In the course of time between January 2000 and June 2021, the Guidepost team interviewed 330 people and analyzed five terabytes of data to evaluate the SBC Executive Committee's handling of abuse reports, victim care, and resistance to reform.
The executive committee, which administers denominational business when the SBC is not meeting, is led by thirty workers and an 86-member board of elected officials. The annual gathering in Anaheim is three weeks away, and Guidepost's report will be front and center, according to the Tennessian's report. Thousands of delegates, known as messengers, are expected to vote on measures relating to Guidepost's findings and suggestions.

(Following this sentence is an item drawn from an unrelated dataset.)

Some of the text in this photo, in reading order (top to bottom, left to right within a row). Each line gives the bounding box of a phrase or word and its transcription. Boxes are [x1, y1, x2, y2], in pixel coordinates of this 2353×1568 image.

More to that, members of the executive committee will reportedly gather for a special session on Tuesday.

Deliberate Inaction

A Houston Chronicle investigation in 2019 initiated a chain of events that led to Southern Baptists demanding a third-party probe after decades of survivors raising the alarm.
Last October, members of the executive committee reportedly deliberated for weeks whether to waive attorney-client privilege and give investigators access to private documents. The members ultimately decided to waive privilege, which Guidepost described as "integral" to its inquiry in its report.

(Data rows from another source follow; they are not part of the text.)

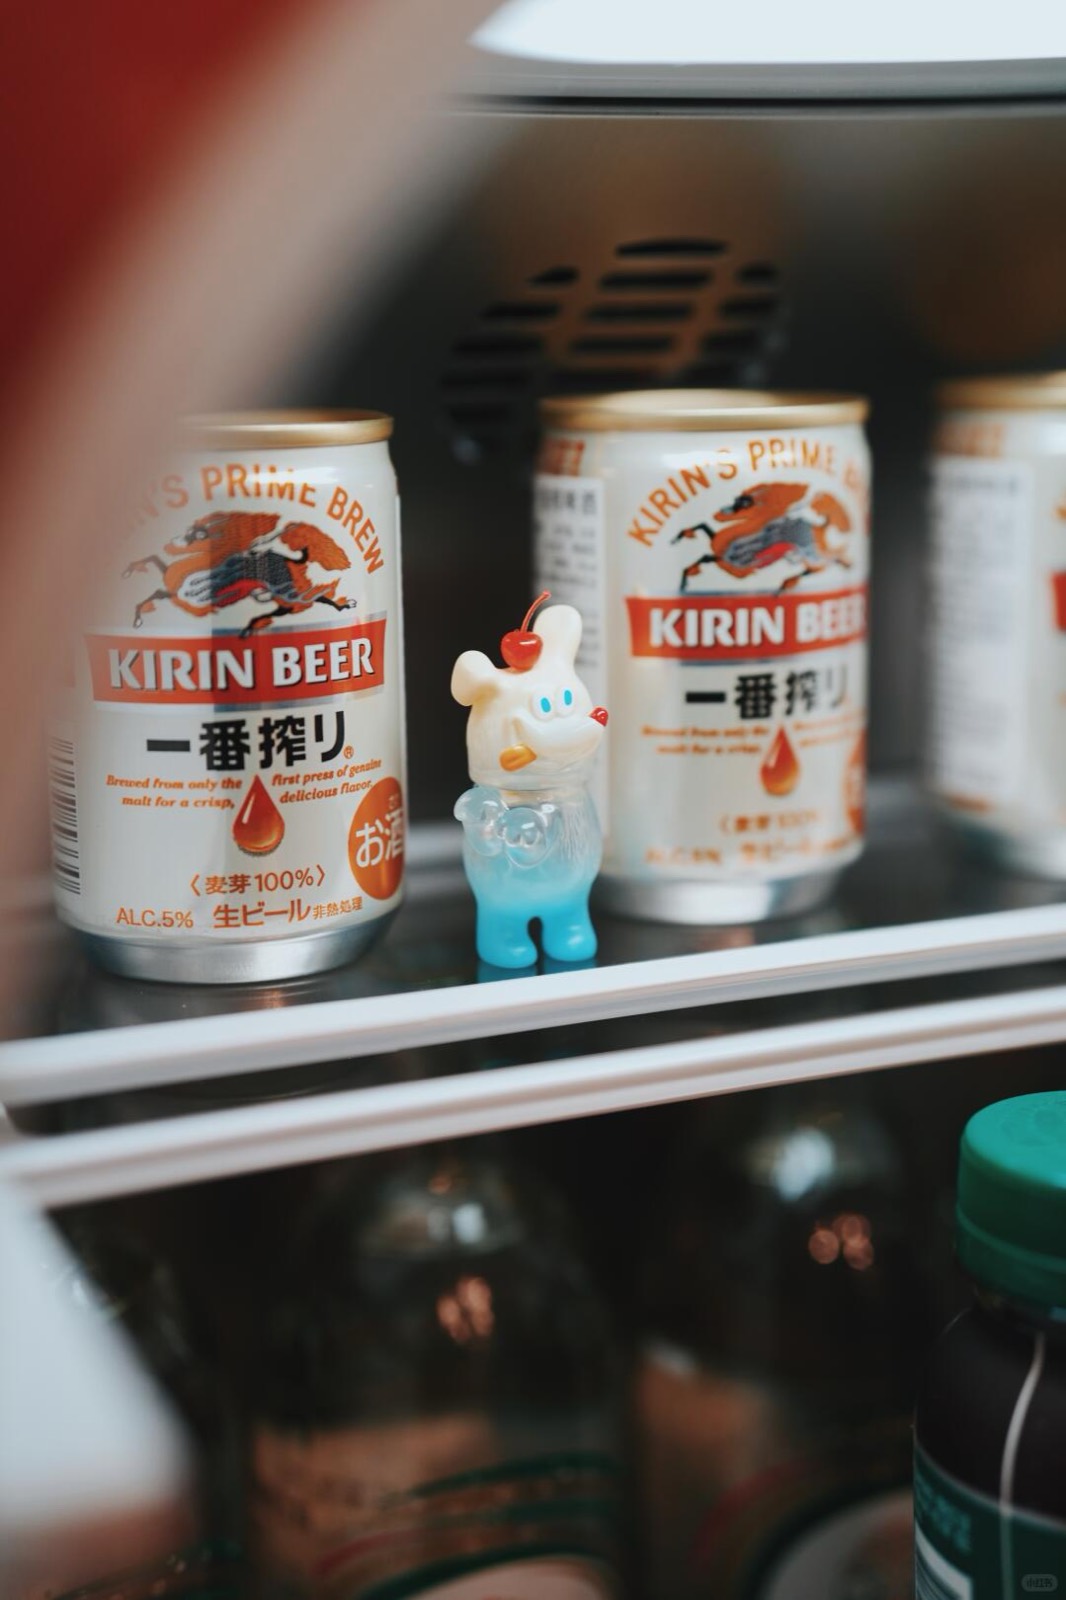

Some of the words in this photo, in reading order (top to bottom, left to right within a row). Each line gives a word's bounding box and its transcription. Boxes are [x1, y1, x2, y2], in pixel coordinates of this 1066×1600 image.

[201, 463, 316, 508] PRIME
[326, 485, 384, 574] BREW
[650, 605, 785, 648] KIRIN
[107, 648, 256, 692] KIRIN
[271, 637, 375, 688] BEER
[146, 711, 346, 771] 一番搾り
[106, 774, 150, 789] Brewed
[153, 778, 184, 790] from
[188, 778, 218, 792] only
[221, 776, 243, 790] the
[272, 772, 300, 787] first
[302, 769, 335, 786] press
[336, 764, 349, 778] of
[348, 758, 382, 778] genuine
[122, 795, 151, 807] malt
[154, 795, 176, 807] for
[180, 799, 189, 808] a
[193, 797, 235, 810] crisp,
[279, 786, 338, 805] delicious
[116, 907, 194, 929] ALC.5%

Investigators looked into emails between executive committee staff and members, as well as attorneys from Guenther, Jordan & Price, a Nashville-based law firm that has represented the SBC and the executive committee for 56 years.
"The lawyers were advising to say nothing and do nothing, even when the callers were identifying predators still in SBC pulpits," investigators noted, citing a fear of legal liability.
Moreover, according to the report, investigators indicated throughout the report that a small group of mostly executive committee workers, in cooperation with attorneys from Guenther, Jordan & Price, did not escalate accusations of abuse and explored ways to stop or slow down policy improvements.
According to the findings, those officials and lawyers "were singularly focused on avoiding liability for the SBC to the exclusion of other considerations."
"In service of this goal, survivors and others who reported abuse were ignored, disbelieved, or met with constant refrain," the report said.
Investigators discovered that the executive committee's top officials strongly opposed the creation of abusers' database, but they reportedly kept a list of accused ministers from 2008 to 2018, but "never took any action to ensure that the accused ministers were no longer in positions of power at SBC churches."
Officials found that the most recent edition of the list contained 703 names, nine of which are still engaged in ministry. Guidepost said it will discuss the list with the credentials committee, which assesses church collaboration.
Guenther, Jordan & Price attorneys were frequently implicated in decisions to dismiss or discourage survivors, opt out of reform plans, and encourage Baptist Press to sanitize its coverage of the Caring Well Conference, an event to raise awareness about sexual abuse, according to investigators.
“They had no problem providing creative ideas on ways to reduce legal liability,” they concluded. “Overall, the legal advice focused on liability created a chilling effect on the ability of the EC to be compassionate towards survivors of abuse.”
As these leaders sought to avoid these costs, however, it's clear in the report they incurred a debt that future leaders will be paying off years to come.